Image-backed grounding data:
══════
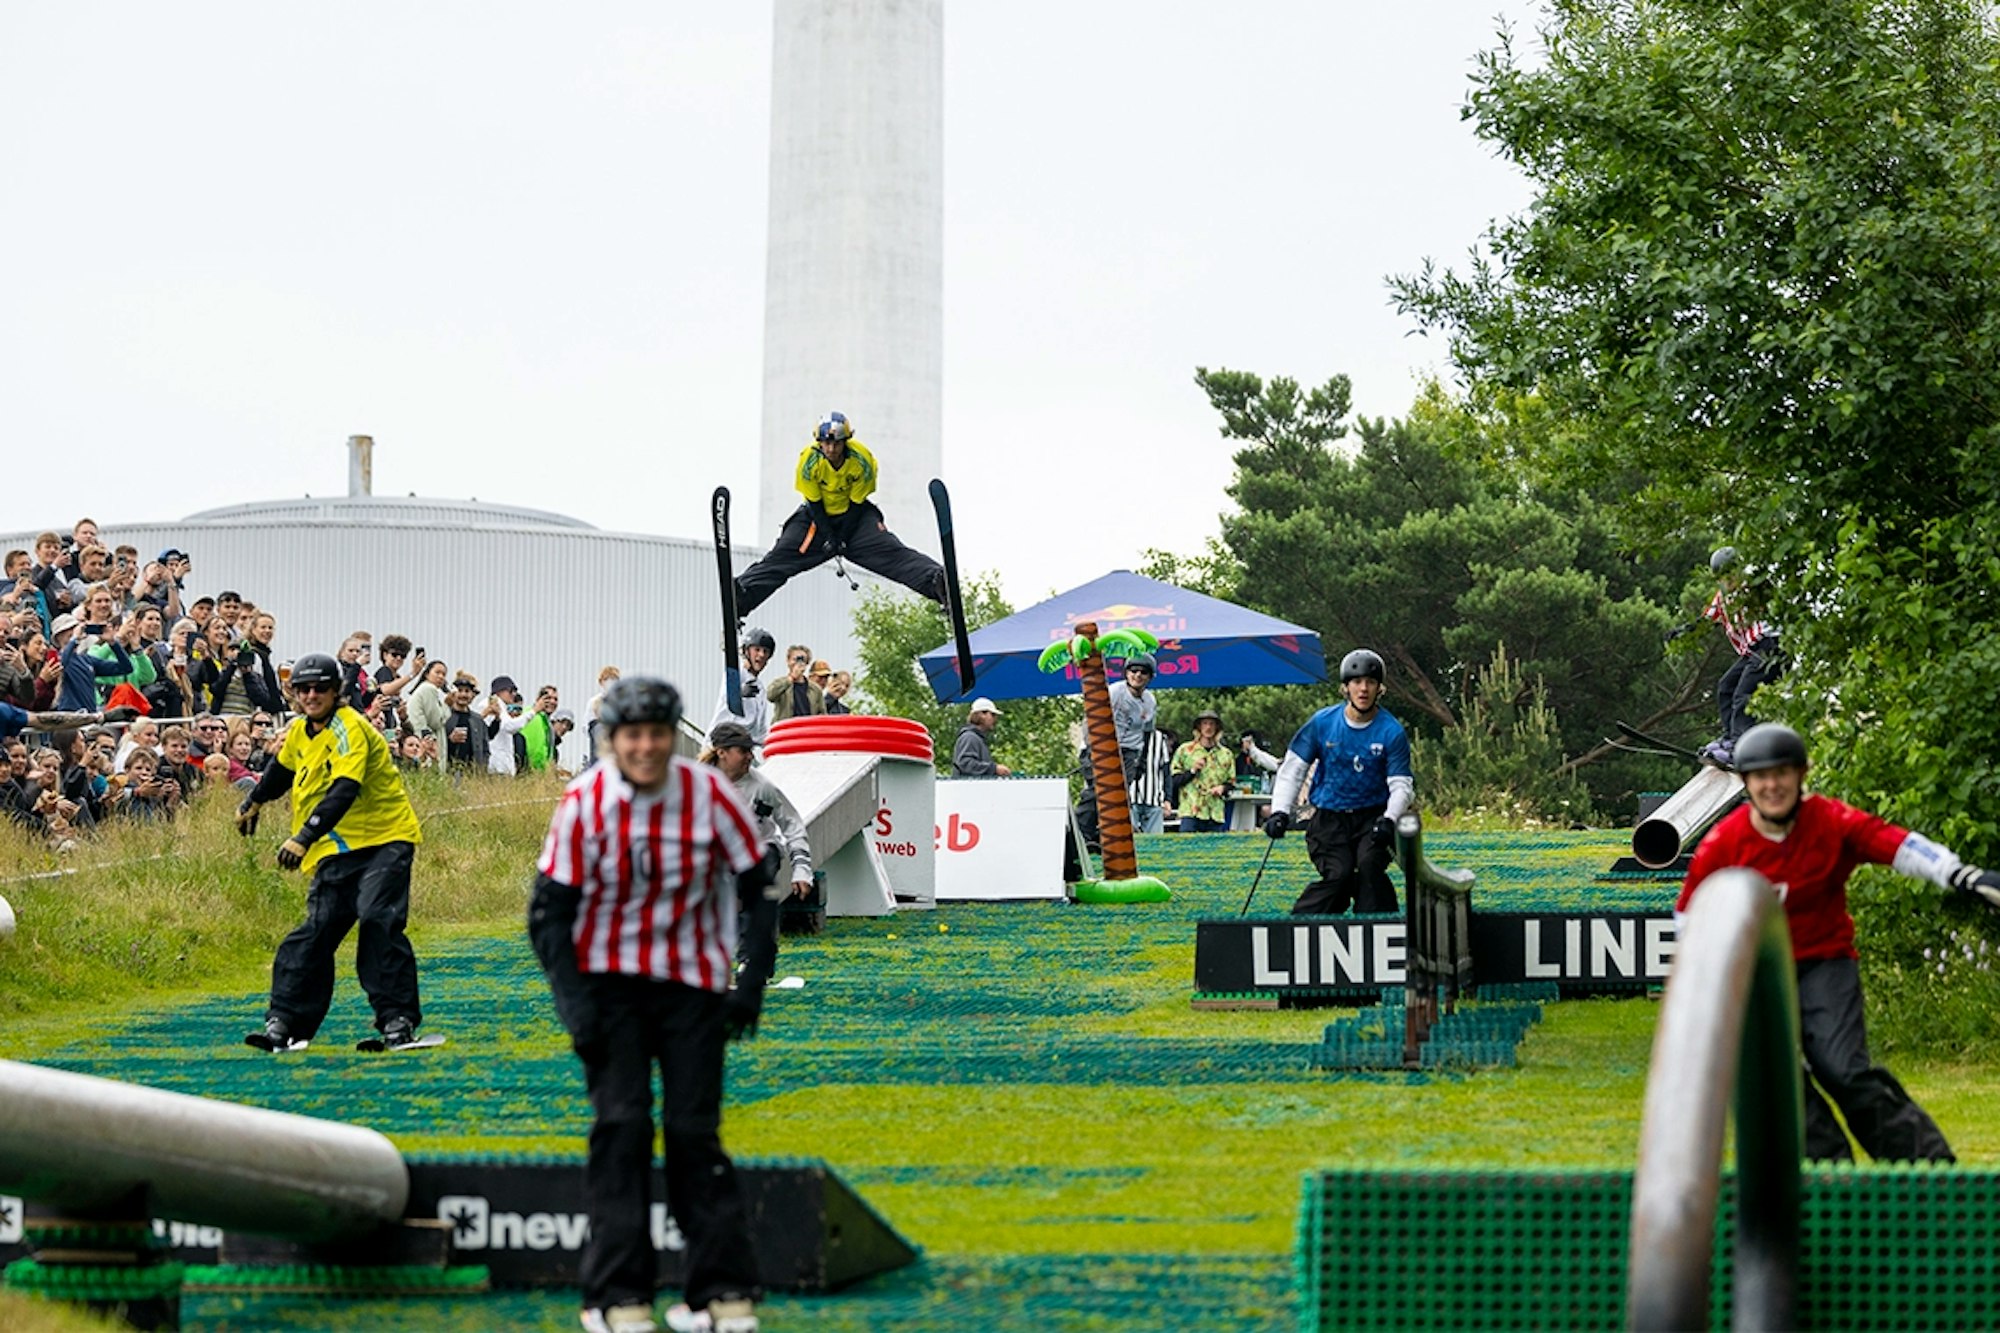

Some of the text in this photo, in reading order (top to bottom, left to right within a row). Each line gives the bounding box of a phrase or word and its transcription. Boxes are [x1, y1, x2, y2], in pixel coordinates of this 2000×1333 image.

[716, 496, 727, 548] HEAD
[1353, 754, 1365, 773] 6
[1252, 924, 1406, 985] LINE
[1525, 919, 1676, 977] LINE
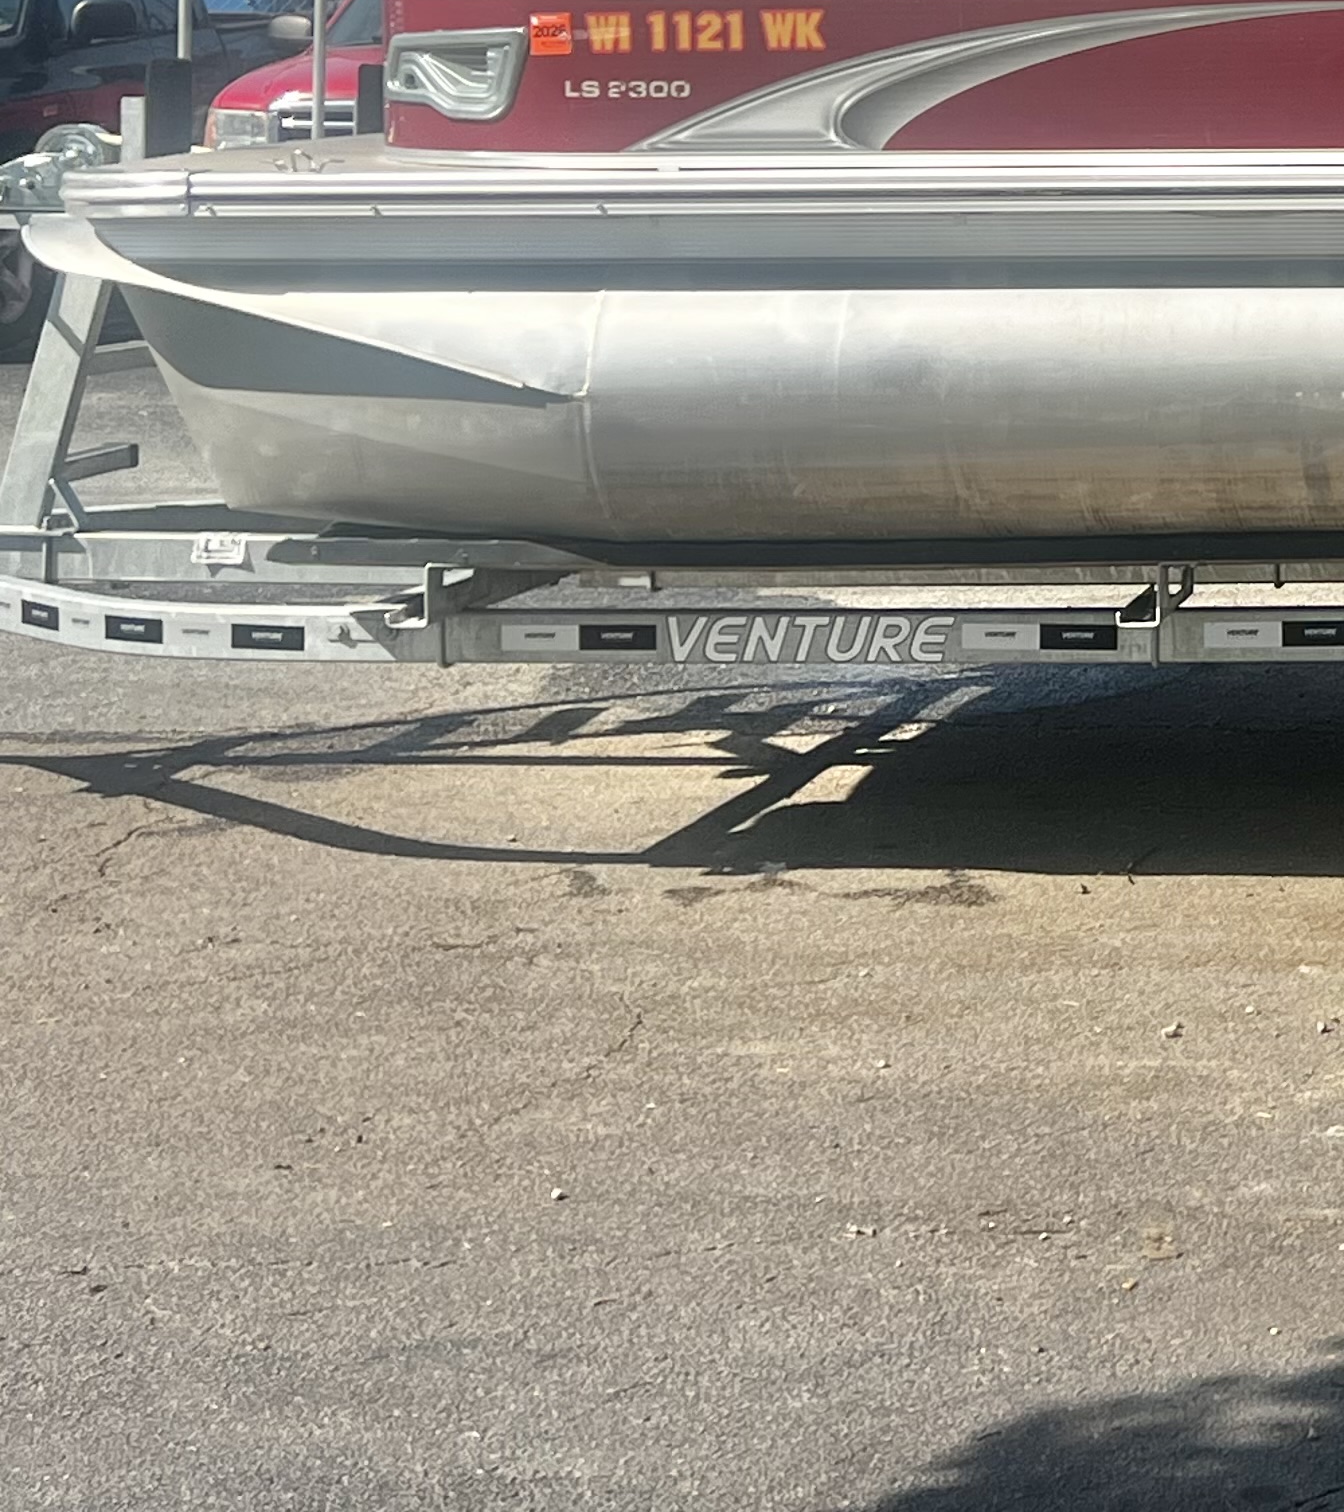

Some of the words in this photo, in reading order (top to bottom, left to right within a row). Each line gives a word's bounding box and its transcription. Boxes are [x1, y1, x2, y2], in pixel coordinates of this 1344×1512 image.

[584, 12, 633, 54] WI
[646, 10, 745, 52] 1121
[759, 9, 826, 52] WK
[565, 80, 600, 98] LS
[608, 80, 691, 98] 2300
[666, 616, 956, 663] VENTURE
══════
* **What you should do**:
Each record above should be duplicated word for word, with no pictures included.

* **Your response**:
Some of the text in this photo, in reading order (top to bottom, left to right within a row). Each line gives the bounding box of a phrase or word and its transcription. Boxes are [x1, y1, x2, y2], in pixel coordinates of this 2000×1333 image.

[716, 496, 727, 548] HEAD
[1353, 754, 1365, 773] 6
[1252, 924, 1406, 985] LINE
[1525, 919, 1676, 977] LINE

Some of the words in this photo, in reading order (top to bottom, left to right within a row). Each line gives a word's bounding box and its transcription. Boxes are [x1, y1, x2, y2], in pixel coordinates of this 1344×1512 image.

[584, 12, 633, 54] WI
[646, 10, 745, 52] 1121
[759, 9, 826, 52] WK
[565, 80, 600, 98] LS
[608, 80, 691, 98] 2300
[666, 616, 956, 663] VENTURE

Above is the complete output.